For over a decade, immune checkpoint blockade and cellular therapy for diverse cancer types have provided clear evidence of the transformative power of T cell-directed therapies. However, at the same time, better mechanistic understanding is urgently needed to improve the efficacy of these potentially life-saving therapies, as only a subset of patients will respond. Issues such as T cell exhaustion, insufficient understanding of neoantigen presentation and recognition, and an immunosuppressive tumor microenvironment all act as barriers for effective T cell anti-tumor response, particularly in solid tumors. To ensure T cell therapy is efficacious for more patients, there is a critical need to identify the critical tumor antigens and the receptors that detect them, and develop new methods to optimize the functionality of tumor-reactive T cells.
To achieve these goals, this Endeavor team has assembled a multidisciplinary group of investigators specializing in antigen discovery, spatial genomics, and T cell manipulation. The researchers plan to use samples from patients with colorectal cancer and high-grade serous ovarian cancer to investigate these questions. Their plan includes the identification of tumor-reactive T cell receptors (TCRs), the crucial TCRs for tumor killing, T cell clonotypes’ interactions with the tumor microenvironment (TME), and the optimal functional state of T cells for durable tumor control. They will integrate innovative methods that their groups have developed to achieve these goals. These include a scalable approach for rapid identification of tumor-reactive T cells and their target antigens; a spatial genomics technique called for sequencing TCRs, transcripts, and tumor DNA with spatial indexing; and methods to study factors controlling T cell state using perturbation coupled with single-cell and spatial transcriptomics.

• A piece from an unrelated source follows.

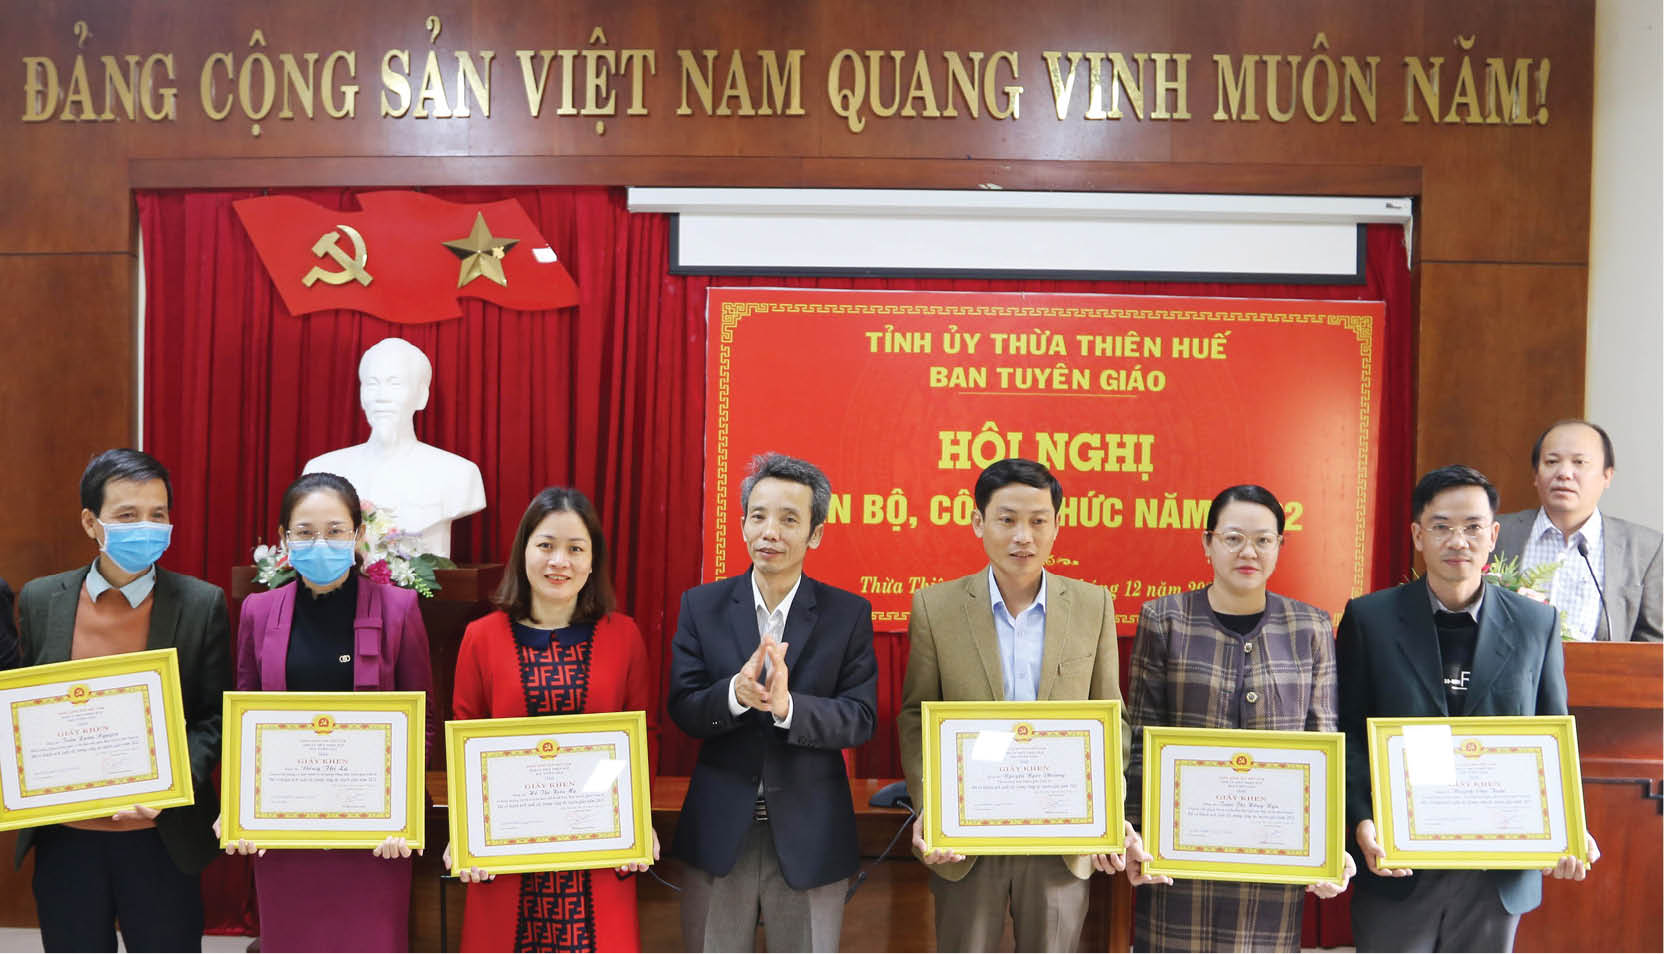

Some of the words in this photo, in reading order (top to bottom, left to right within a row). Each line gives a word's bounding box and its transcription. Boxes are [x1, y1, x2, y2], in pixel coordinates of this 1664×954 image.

The goal of this Endeavor team is to translate their findings into personalized and shared therapies by developing clinical trials that use T cells precisely engineered for optimal tumor control with genetic modulators and tumor-specific TCRs. By addressing the challenges in T cell therapy and understanding the roles of T cell states and the microenvironment, this research will contribute to more effective T-cell-directed cancer immunotherapies, potentially benefiting a broad range of malignancies and providing insights for precision T cell immunotherapy for cancer.